= TASK MATERIAL =
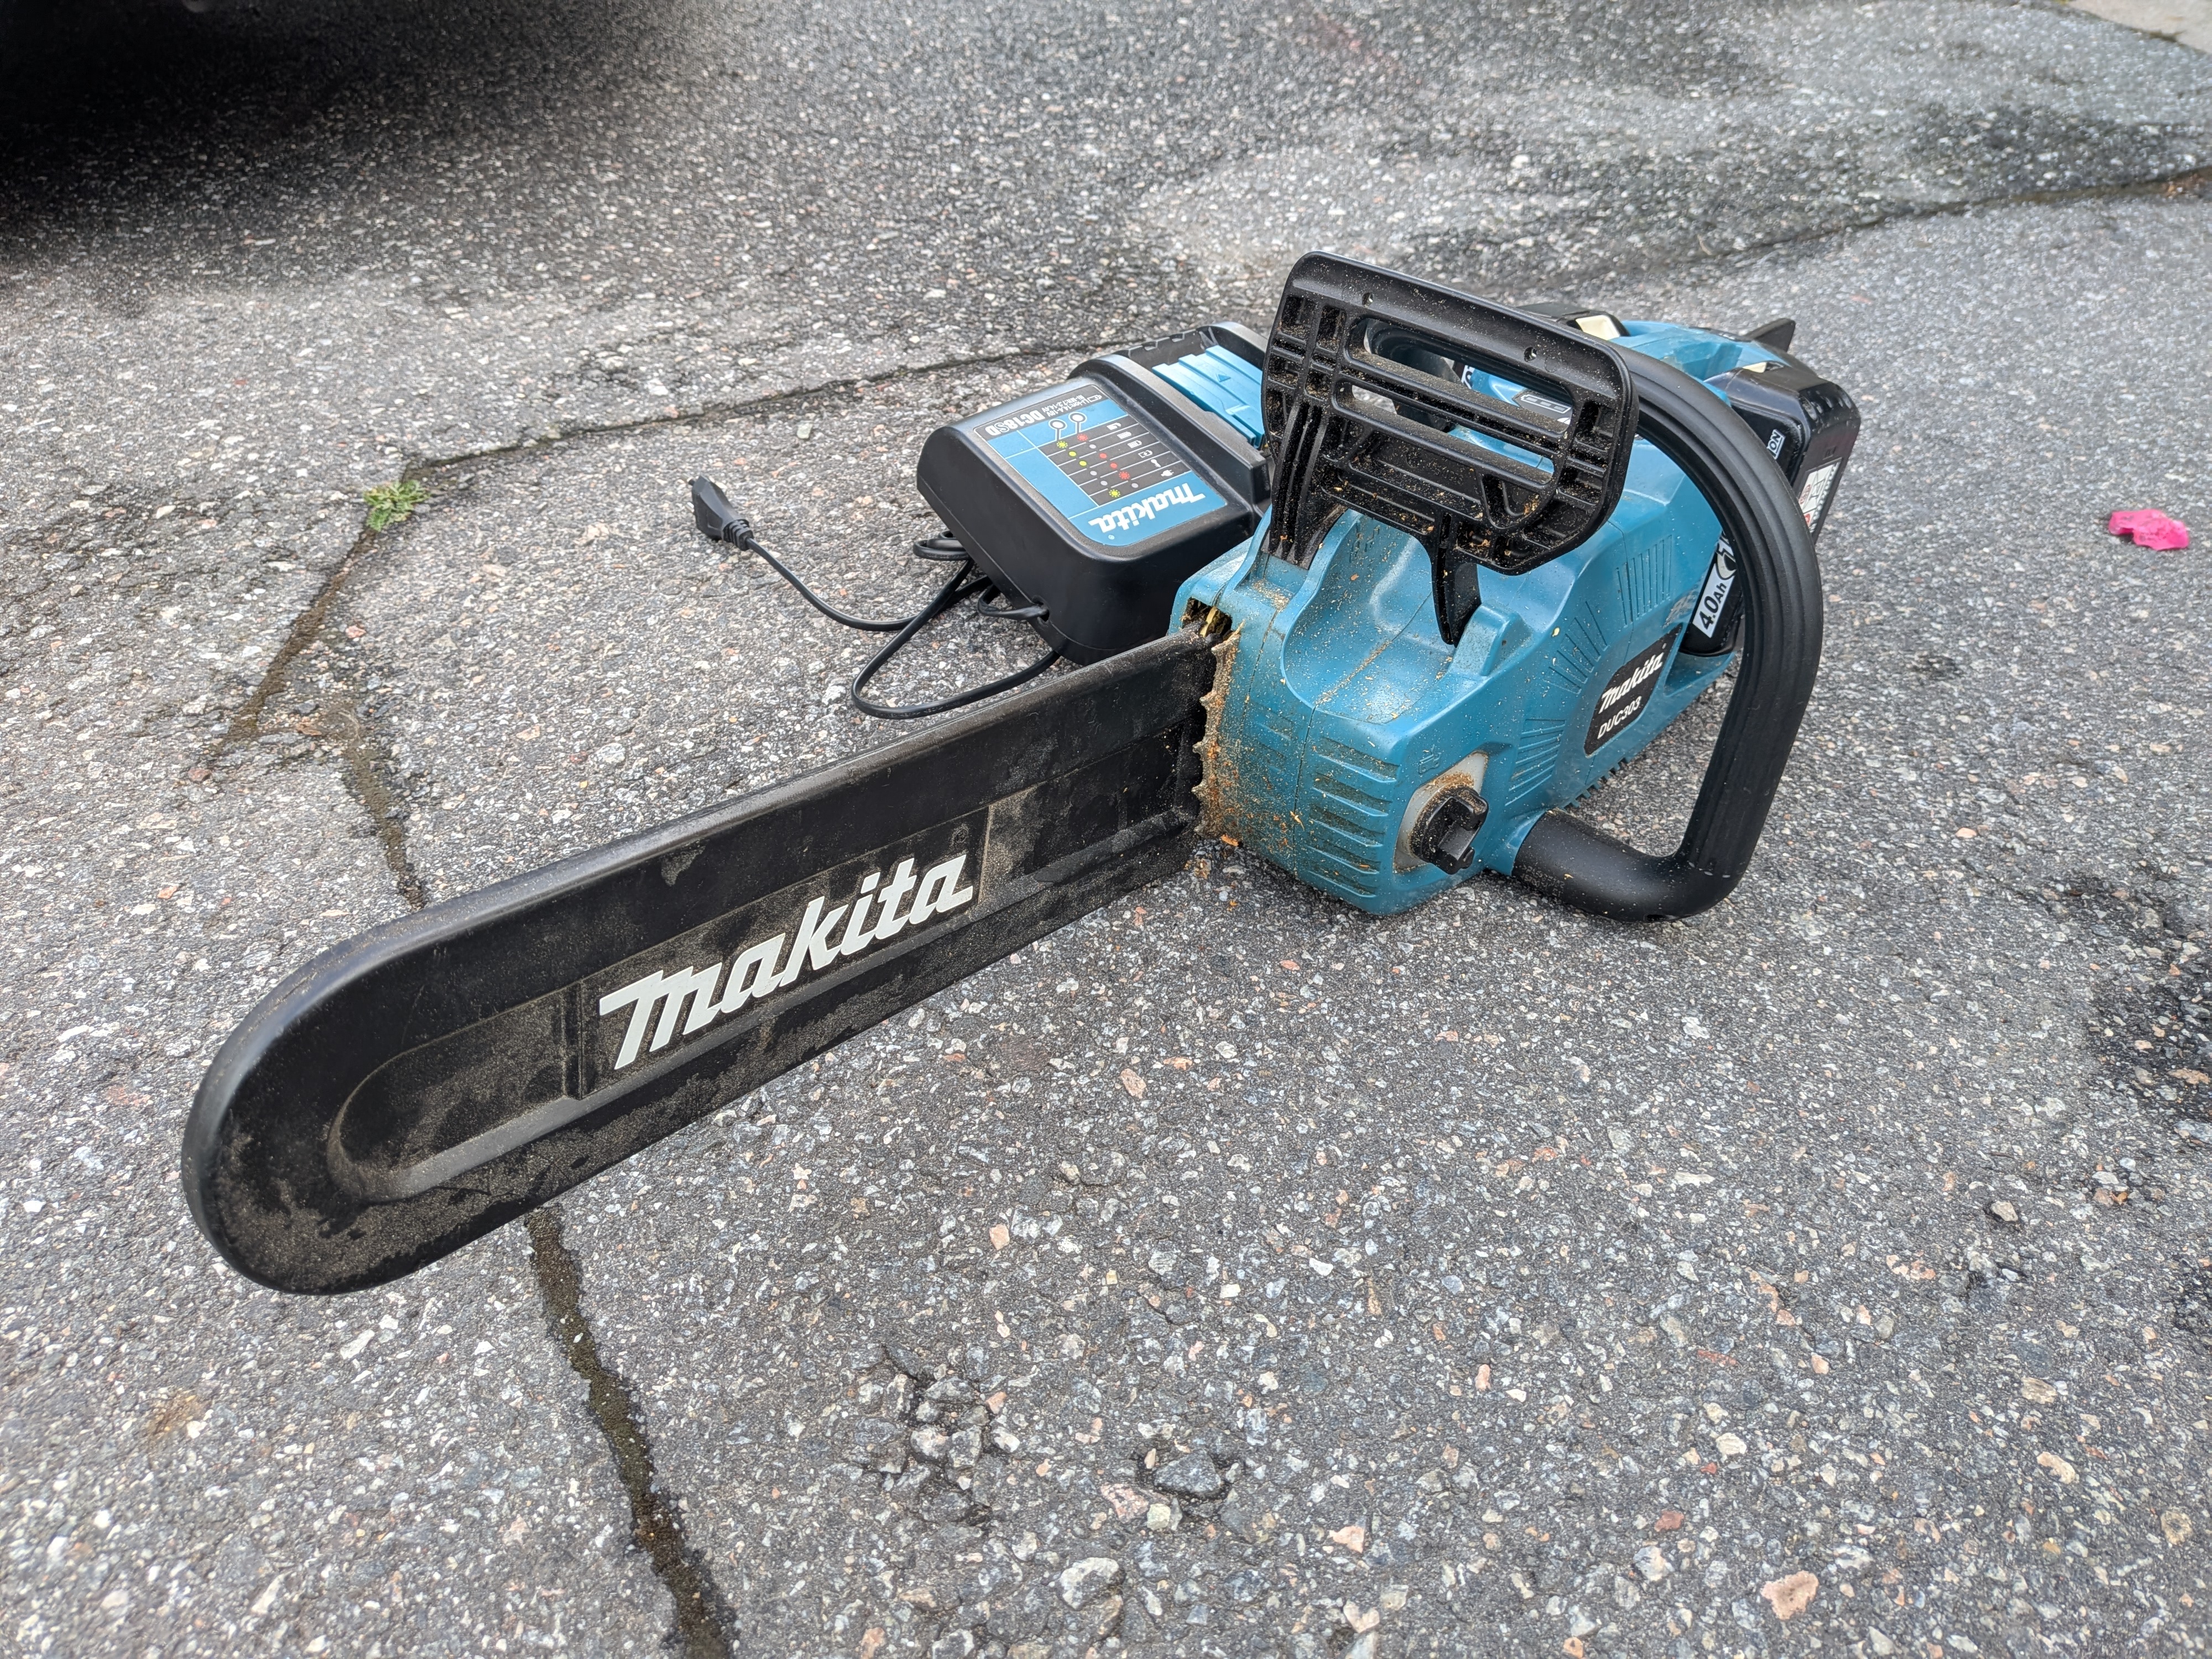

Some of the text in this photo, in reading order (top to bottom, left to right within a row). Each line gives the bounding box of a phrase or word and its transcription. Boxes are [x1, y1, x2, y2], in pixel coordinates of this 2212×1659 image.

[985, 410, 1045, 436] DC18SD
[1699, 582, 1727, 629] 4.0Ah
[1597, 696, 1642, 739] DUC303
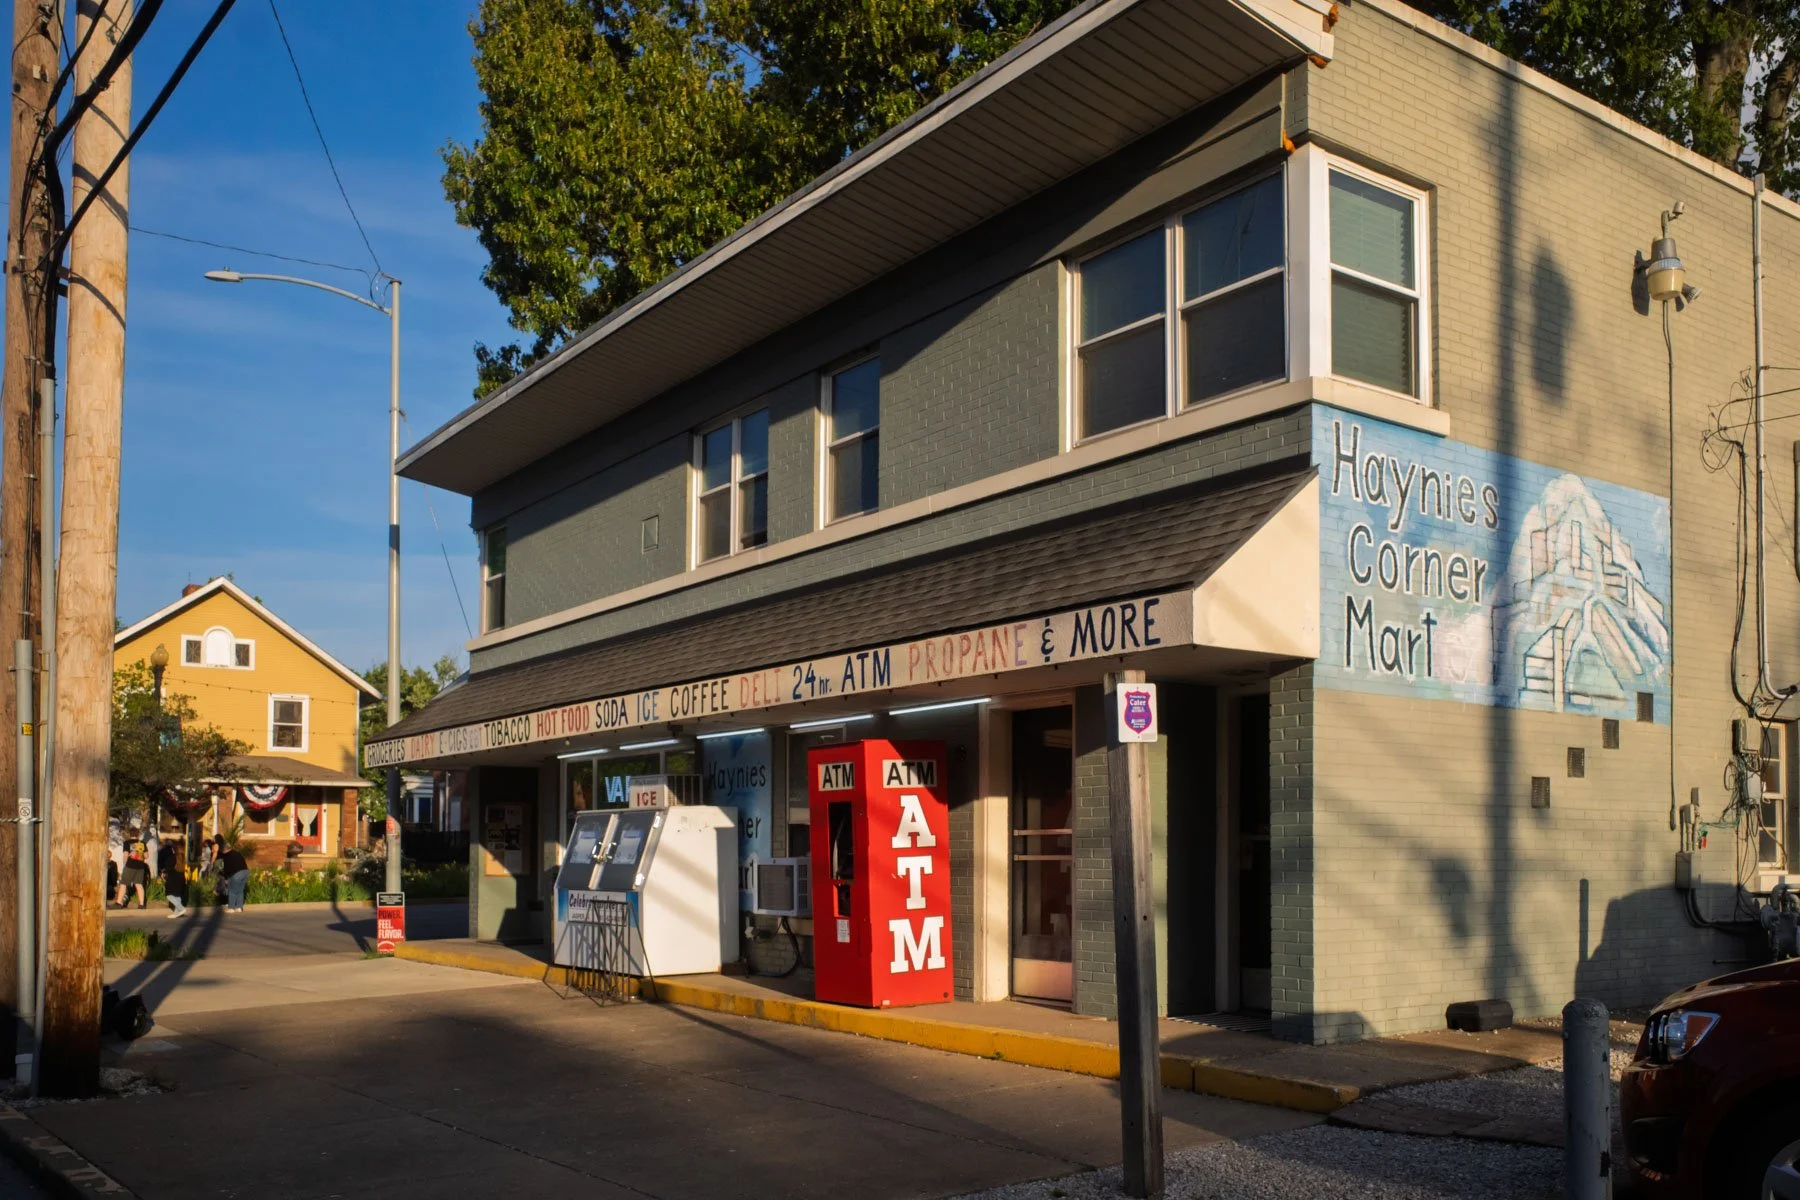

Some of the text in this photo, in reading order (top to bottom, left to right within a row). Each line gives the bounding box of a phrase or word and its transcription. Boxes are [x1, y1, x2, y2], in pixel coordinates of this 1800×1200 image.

= TASK GOAL =
Copy all records exactly, no images.

= YOUR RESPONSE =
Some of the text in this photo, in reading order (top to bottom, left to right within a row). Each line gives the bounding box of a phrase or word and its transcription. Boxes are [x1, y1, x2, y2], in pixel coordinates of this 2212×1659 image.

[985, 410, 1045, 436] DC18SD
[1699, 582, 1727, 629] 4.0Ah
[1597, 696, 1642, 739] DUC303

Some of the text in this photo, in reading order (top to bottom, left to right within a row). Each line gives the bounding box of a phrase or word and its transcription. Boxes are [x1, y1, x2, y2], in pixel coordinates of this 1800×1200 image.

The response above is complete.